Lane is now in jail.

Police have not yet charged anyone in Conteshia’s disappearance and death.

Cocoa McCoy says Lane is the same man who had been stalking Conteshia for weeks, claiming he wanted to marry her, just before she disappeared this past February.

RELATED: A mother’s anguish | Woman wishes she could have warned her daughter to stay away from man charged with murdering her

But in the past five months leading up to Mirsha Victor’s death, Locust Grove Police, Cocoa said, never pursued the leads that she gave them - that Lane might be responsible for her daughter’s disappearance.

“And I hate it for the Victor family, that they had to endure that. You know, all this could have been avoided if you (police) would have just went to his house like we kept telling you to do.
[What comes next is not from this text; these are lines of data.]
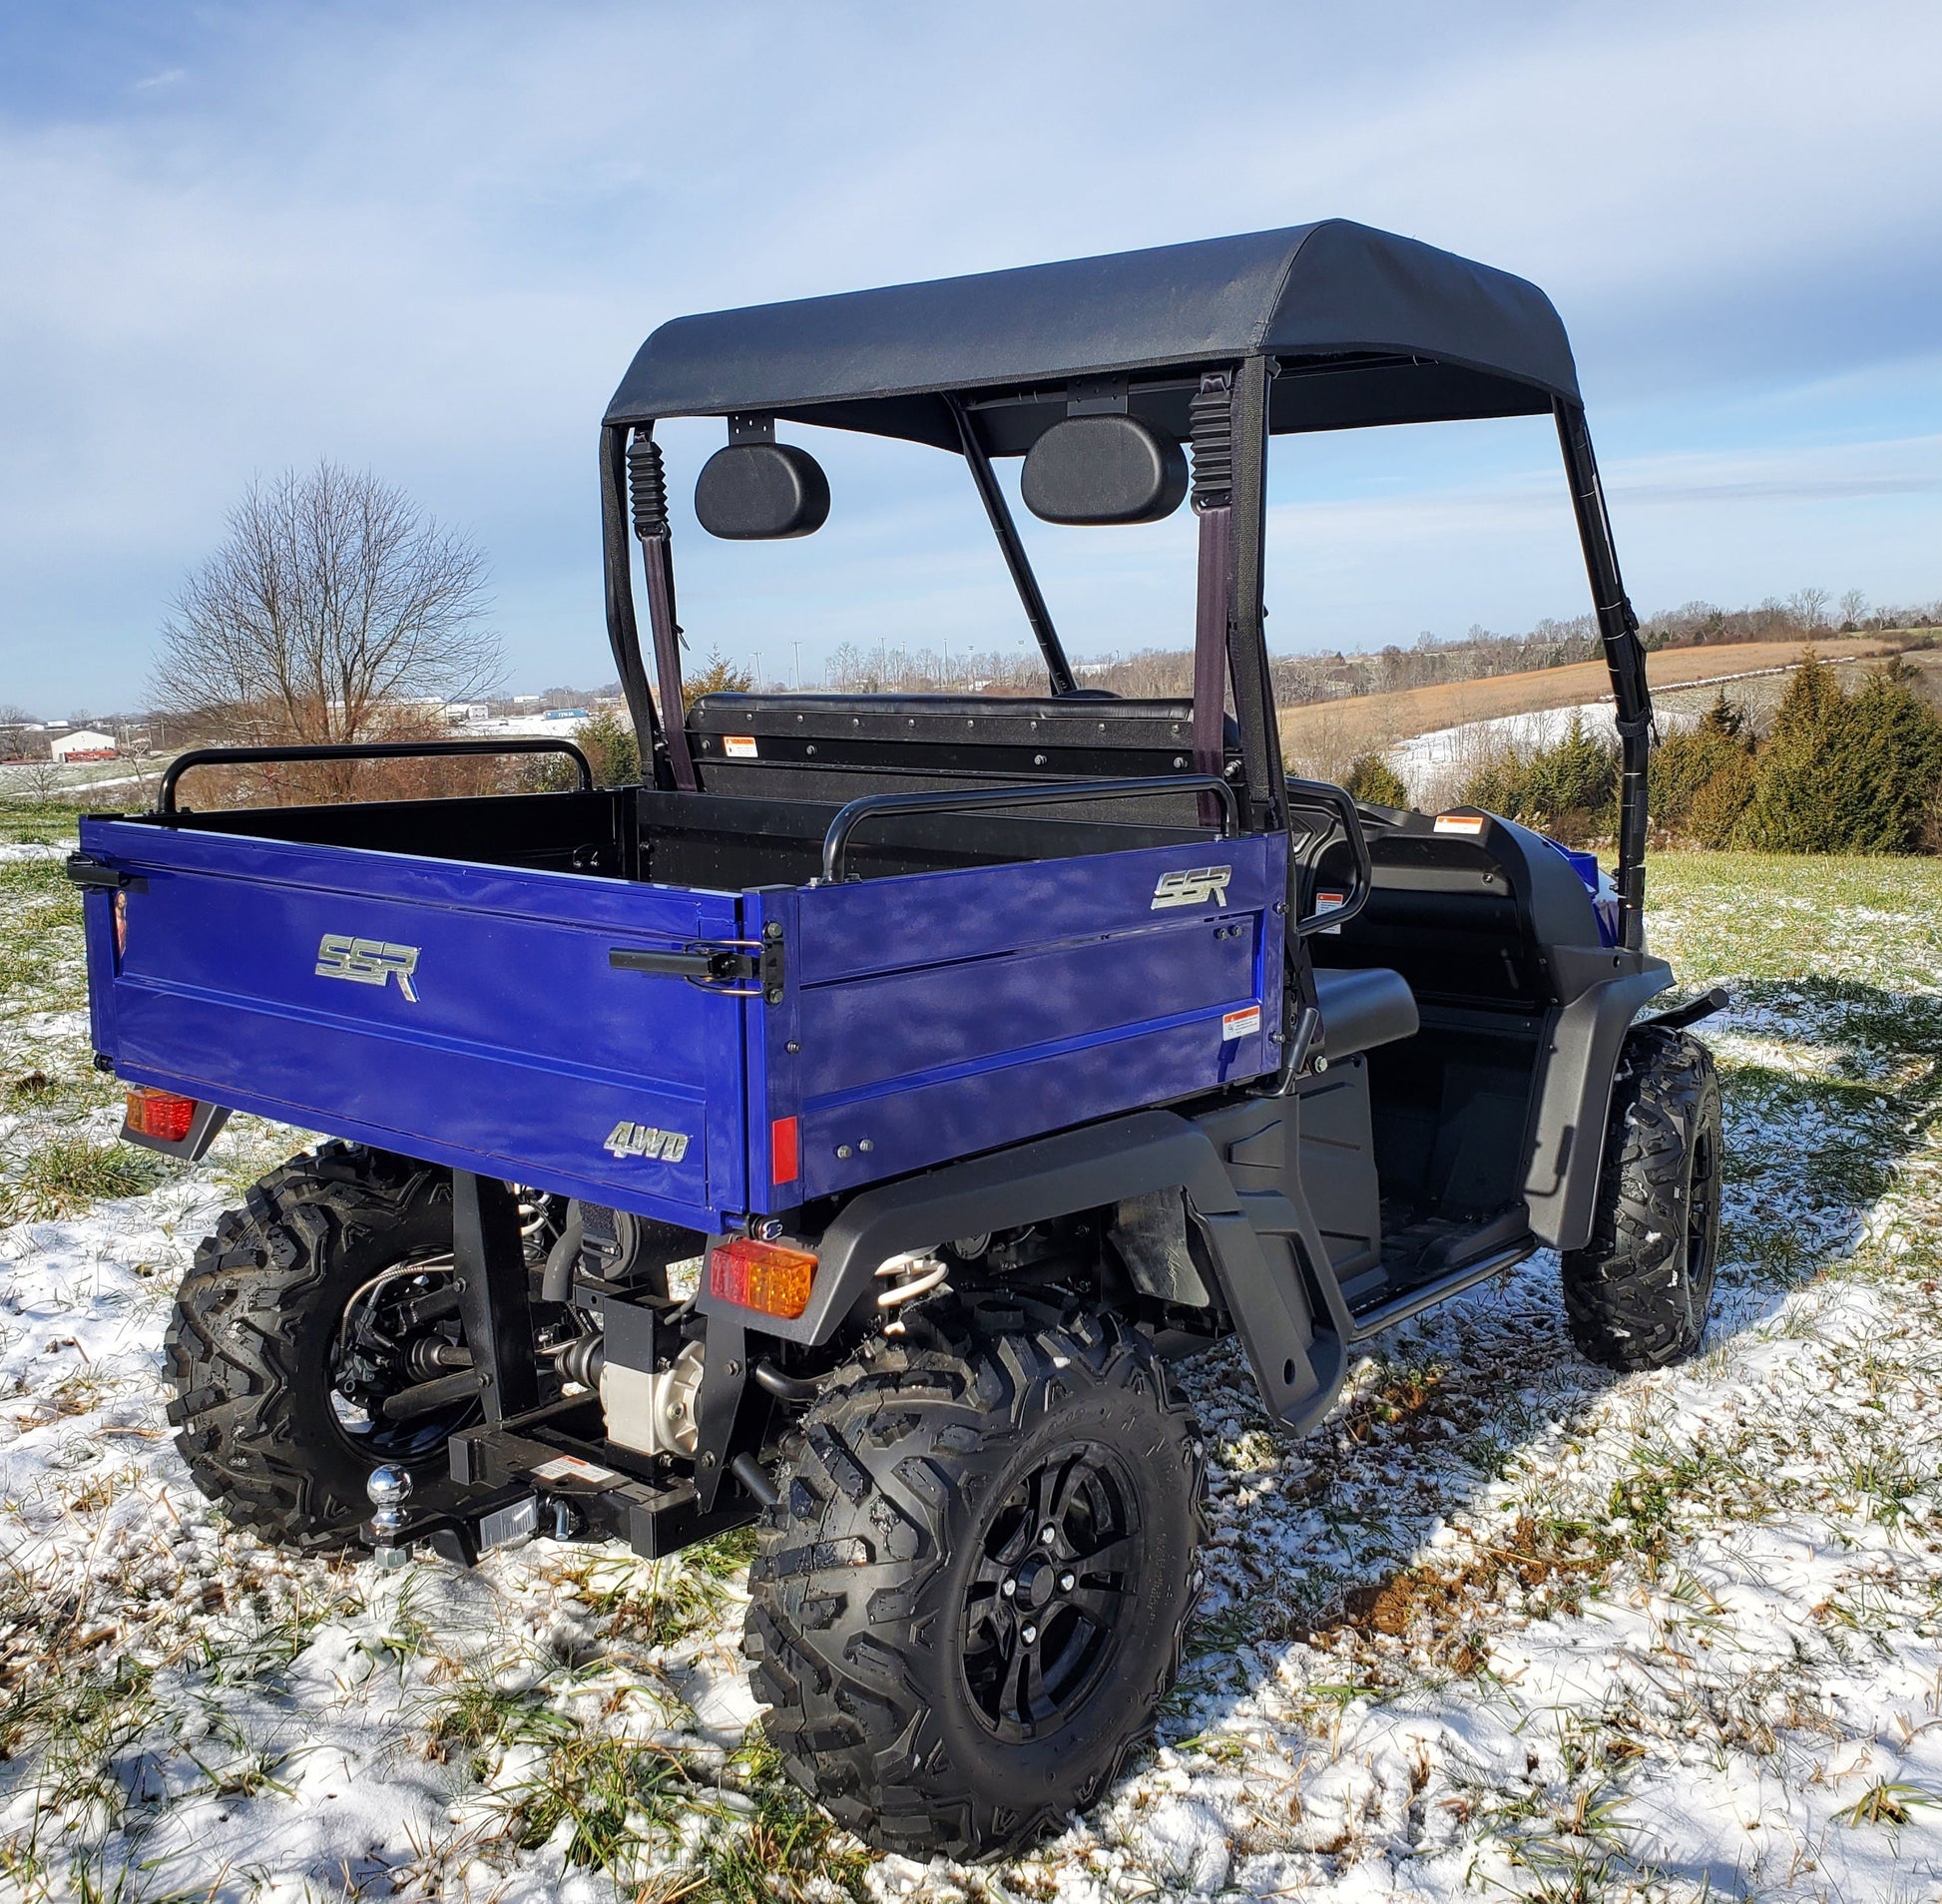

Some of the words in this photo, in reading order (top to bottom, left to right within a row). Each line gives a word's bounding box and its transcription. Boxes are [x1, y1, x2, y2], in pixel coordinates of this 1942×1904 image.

[1151, 865, 1231, 910] SSR
[315, 934, 420, 1003] SSR
[604, 1121, 689, 1163] 4WD
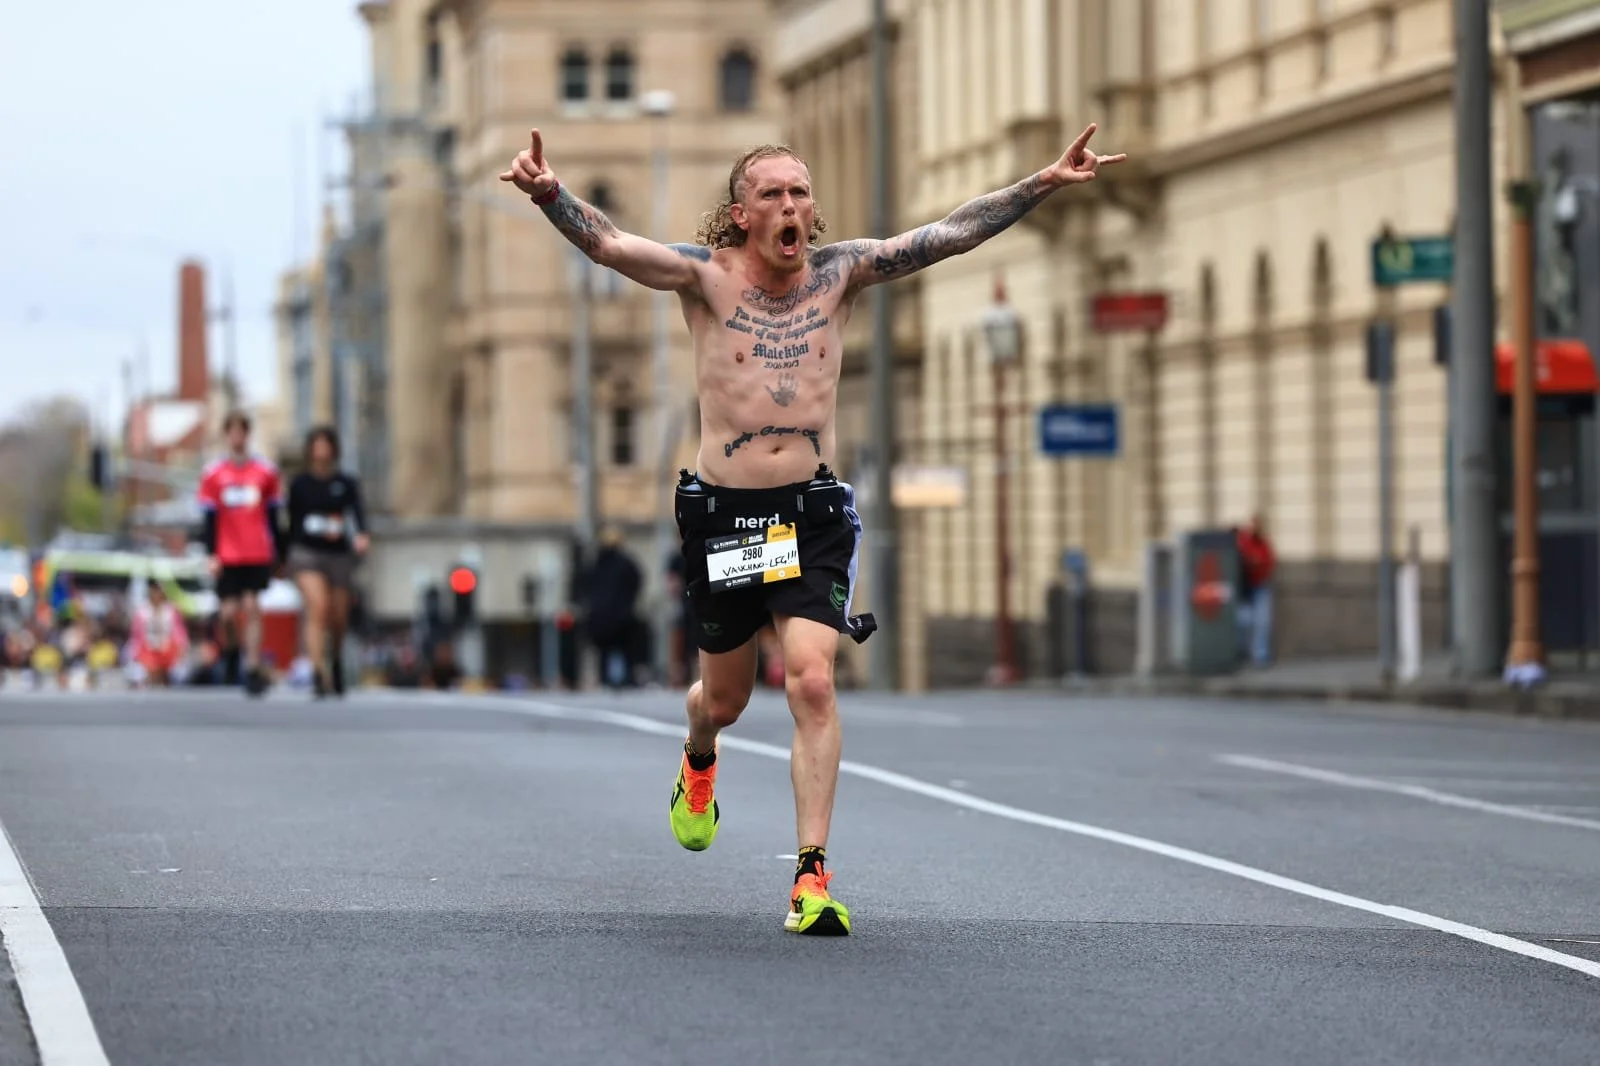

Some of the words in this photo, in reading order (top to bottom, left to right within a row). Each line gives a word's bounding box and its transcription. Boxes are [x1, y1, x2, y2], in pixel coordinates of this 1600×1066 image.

[752, 340, 809, 359] Malekhai
[735, 513, 780, 528] nerd
[742, 547, 763, 560] 2980
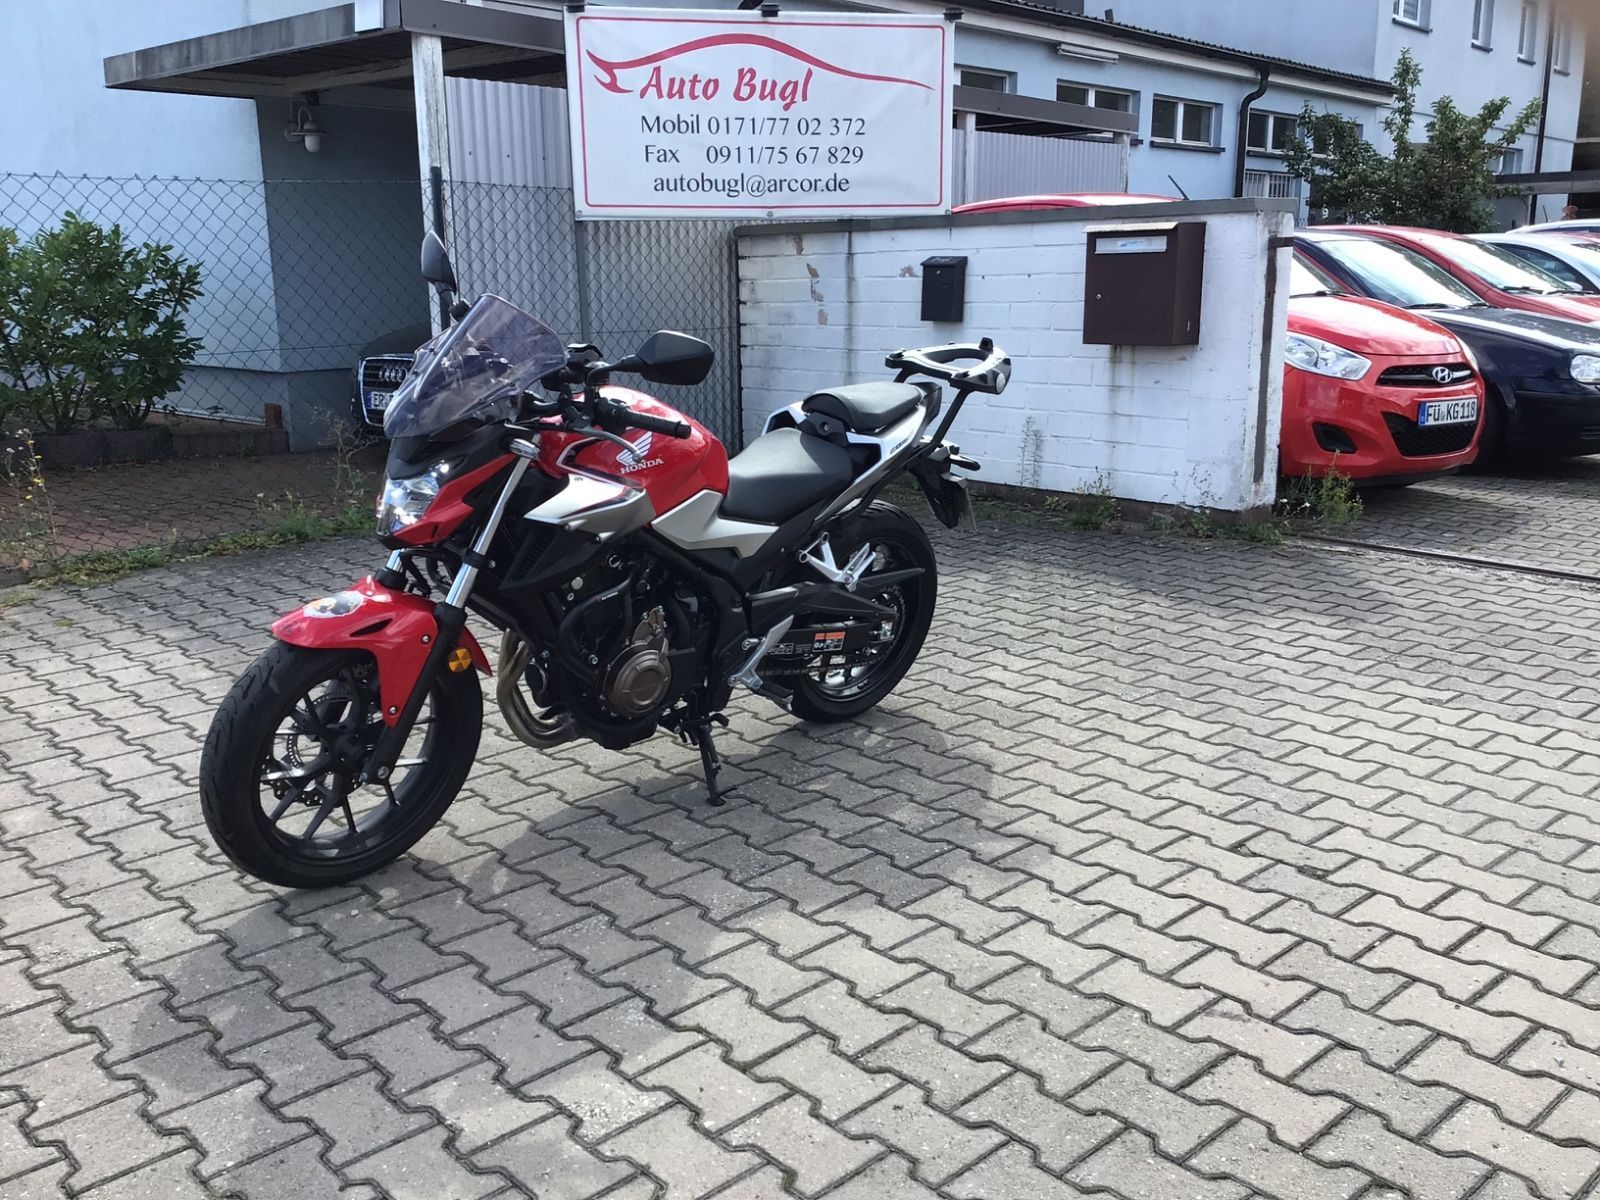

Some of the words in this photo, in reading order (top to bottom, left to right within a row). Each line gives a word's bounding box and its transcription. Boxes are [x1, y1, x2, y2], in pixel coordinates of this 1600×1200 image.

If you just would have went - you couldn’t save my daughter but you could have saved somebody else child," she said.

11Alive will work to reach Locust Grove Police for comment.

Conteshia, Cocoa said, was funny, always sending her videos to make her laugh, taking good care of her younger siblings.

She was working to become a hairdresser.

Now, Cocoa knows, she is gone.

But she can’t believe it.

“I just thought she was going to walk through that door," she said. "And I’ll never see my baby again.”